Daniel Quintero dit que la Cour pourrait suspendre la sanction qui lui a été infligée

Le maire de la ville de Medellin, Daniel Quintero Calleest l’une des personnalités politiques les plus notoires et les plus vues ces derniers jours en raison de la décision du Bureau du procureur général, dirigé par Margarita Cabellode suspendre le président de la capitale d’Antioquia pour une participation présumée à la politique.

Dans une décision par rapport à celle prise à l’époque par l’avocat Alejandro Ordoñez contre Gustavo Petrola procureure générale, Margarita Cabello, a défendu son action en assurant qu’elle a le pouvoir légal de faire ce qu’elle a fait.

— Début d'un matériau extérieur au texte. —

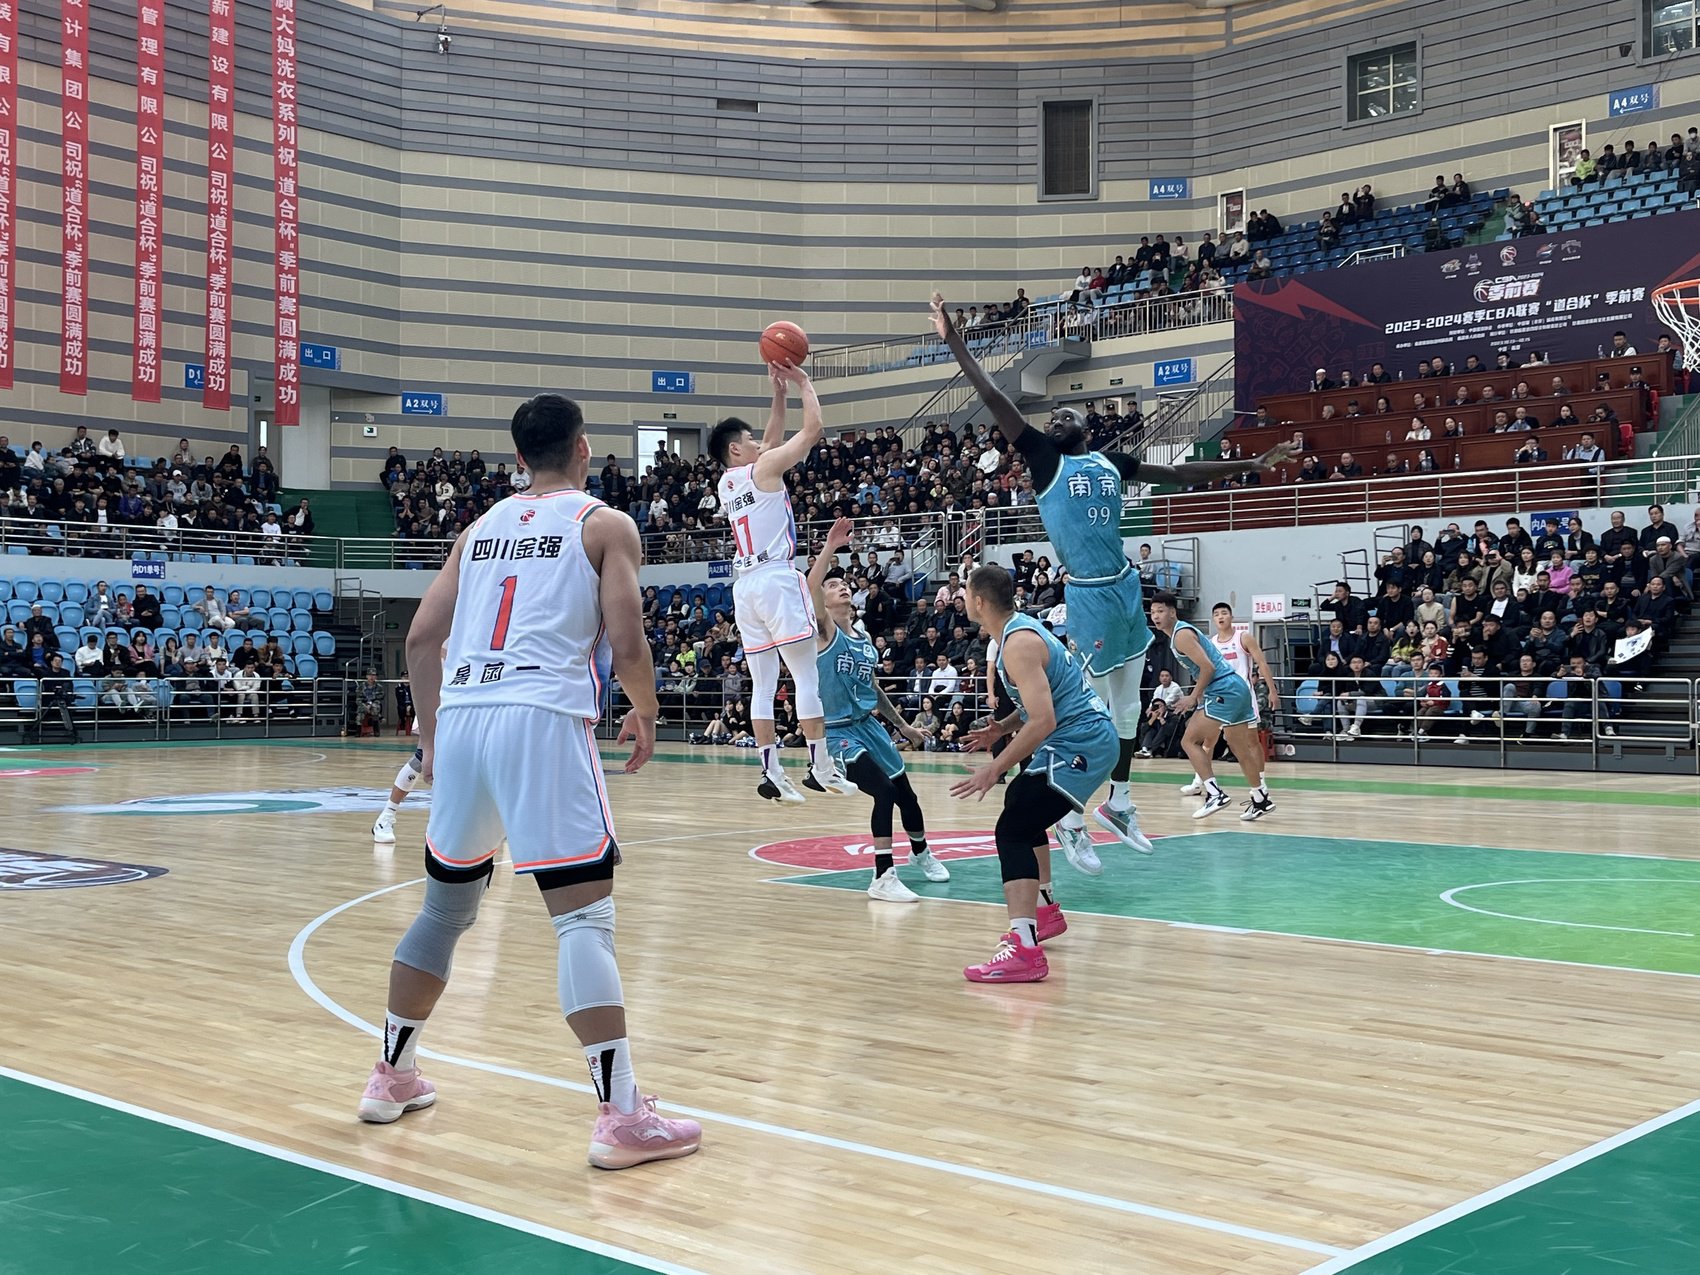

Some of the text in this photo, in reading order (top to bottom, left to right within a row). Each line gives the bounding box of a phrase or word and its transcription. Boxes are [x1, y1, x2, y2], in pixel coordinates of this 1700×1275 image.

A la suspensión del alcalde Quintero se han sumado voces que rechazan la medida, como la de Gustavo Petro, quien puso a disposición de Quintero Calle, al mismo equipo de abogados que logró que el exalcalde de Bogotá le ganará el pulso a la nación a través d’un arrêt de la Cour interaméricaine des droits de l’homme quand il a été démis de ses fonctions de première autorité de la capitale de la République.

Lors d’une visite à Bogotá, le maire suspendu Daniel Quintero a accordé une interview à Red+Noticias et il y a déclaré que la procureure générale Margarita Cabello n’a pas le privilège de sanctionner les maires.

« Après la décision de Petro, la CIDH dit à la Colombie qu’elle est obligée de changer la loi pour qu’elle ne viole pas la démocratie, la démocratie est au-dessus de toute autre chose, puis l’État colombien, le procureur, présente une loi qui ne répond pas aux exigences cherchant à maintenir ce privilège, qu’elle n’a pas, de pouvoir sanctionner les maires »a déclaré le maire Daniel Quintero.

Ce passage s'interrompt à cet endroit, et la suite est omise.